This venerable collection begun in 1991 keeps getting better. As series editor Glenn Stout remarks tellingly in his Foreword, there is a reason why this series is not titled “The Best American Sportswriting.” Instead, the last word is split into two, “sports” and “writing.” The pieces in this collection are not there because they are good descriptions of athletes or athletic events. Rather, they are there because they are exemplars of good writing, period.

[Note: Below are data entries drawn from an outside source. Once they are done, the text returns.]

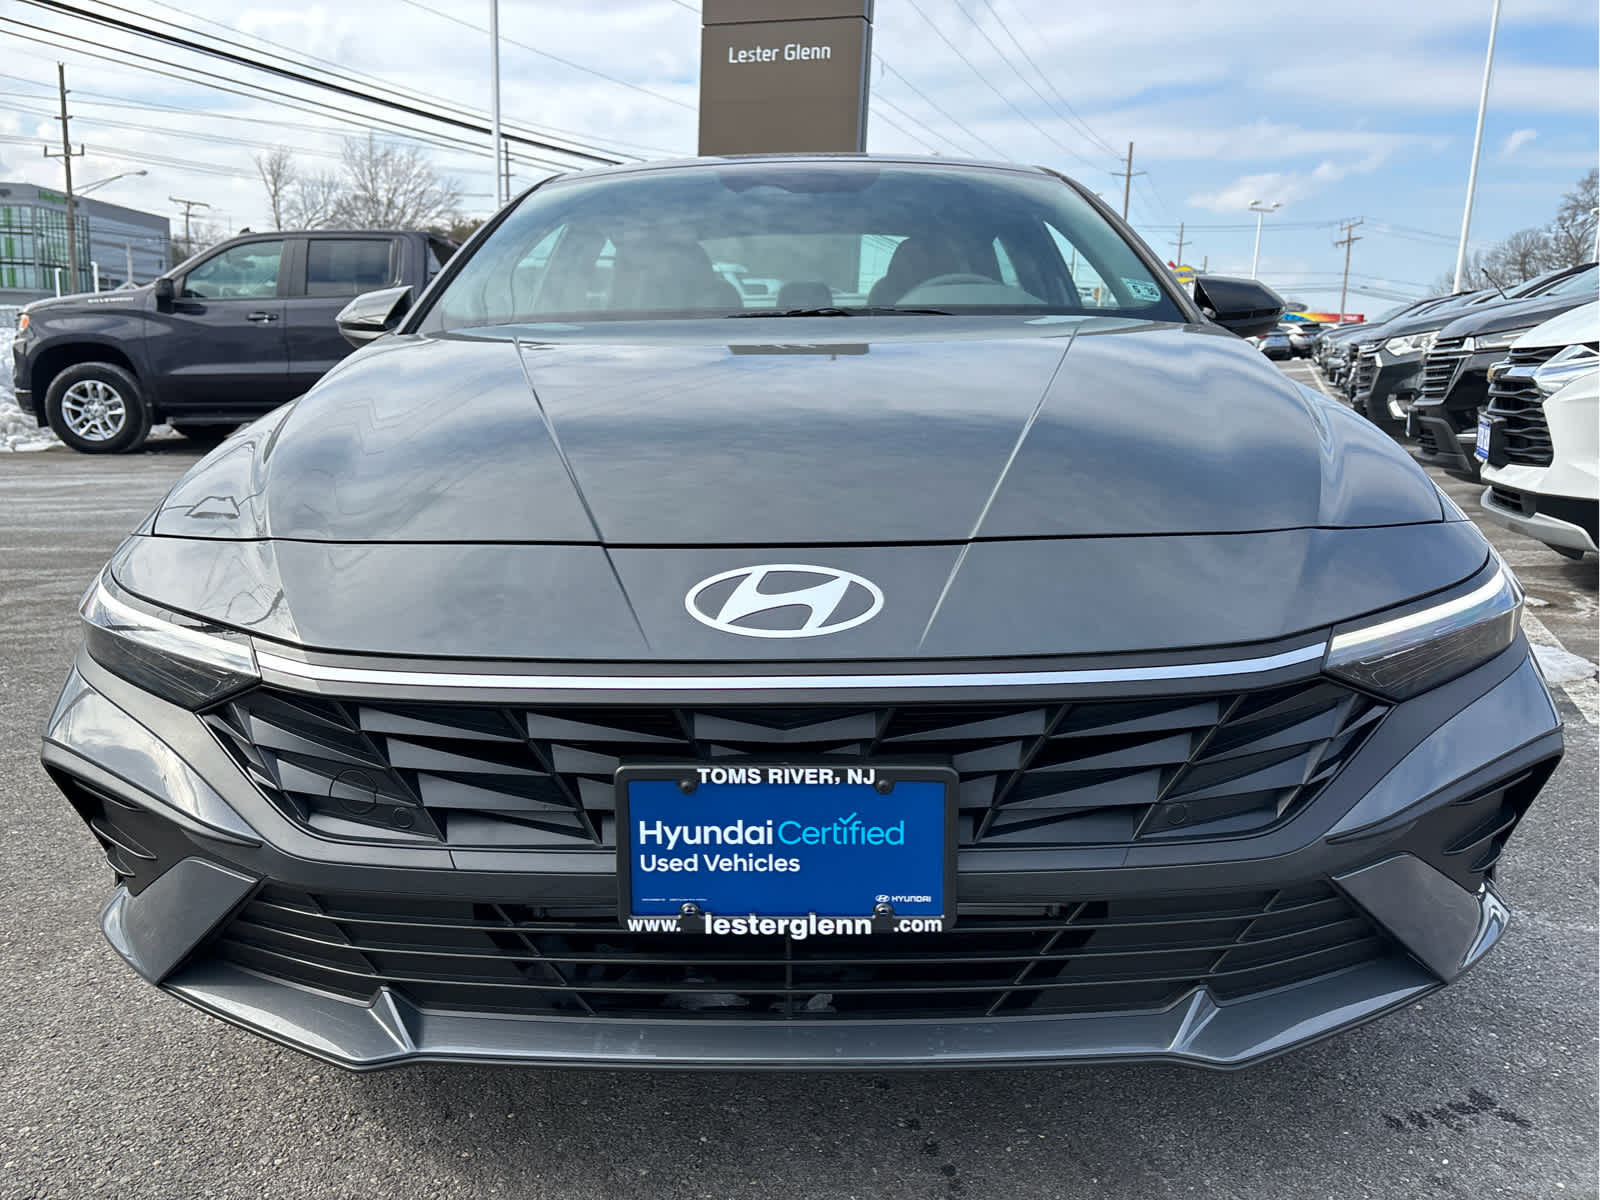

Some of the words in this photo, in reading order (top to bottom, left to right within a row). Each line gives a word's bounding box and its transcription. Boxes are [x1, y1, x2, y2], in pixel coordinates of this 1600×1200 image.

[728, 46, 780, 64] Lester
[783, 43, 832, 61] Glenn
[697, 768, 762, 785] TOMS
[768, 768, 841, 785] RIVER,
[847, 768, 876, 785] NJ
[639, 819, 773, 850] Hyundai
[777, 812, 905, 846] Certified
[640, 853, 699, 873] Used
[703, 853, 801, 873] Vehicles
[891, 895, 932, 903] HYUNDAI
[627, 919, 681, 932] www.
[704, 912, 872, 940] lesterglenn
[893, 919, 943, 933] .com

The twenty-nine selections in this compilation run the gamut from mainstream U.S. sports such as football and baseball to those that operate at the margins, such as running. The common thread, though, is the writer’s penchant for getting deeper into the subject and presenting it in a compelling fashion. Michael Lewis takes the relatively humdrum endeavors of a football place kicker in “The Kick is Up and It’s… a Career Killer,” and brings us center stage into the life of Adam Vinatieri. We soon learn that a kicker’s professional life is anything but humdrum.
Joe Posnanski profiles the preternaturally talented Bo Jackson whose athletic life was cut short due to injuries, though not before showing us plausible evidence of what might have been. J.R. Moehringer takes us into the calm but hectic world of Pete Carroll, the head coach of the University of Southern California football team. The list goes on, but the quality remains consistently satisfying.
The estimable William Nack, a longtime sports writer at Sports Illustrated, edits the current collection. Nack made his name writing about horse racing, so it isn’t surprising that he has affection for relatively obscure sports. Eli Saslow introduces us to ba’, a game probably played only in Scotland but a distinct throwback to today’s rugby and even American football. Jeanne Marie Laskas’ look at the pregame rituals of the Cincinnati Bengals is both funny and riveting.
The future of newspapers as we know them now is highly uncertain. But one thing is clear from this collection: the demise of American newspapers is certainly not due to the quality of their content. There are sports writers who bring to us via words the triumphs and travails of athletes. The best of them get anthologized in a collection such as the current one.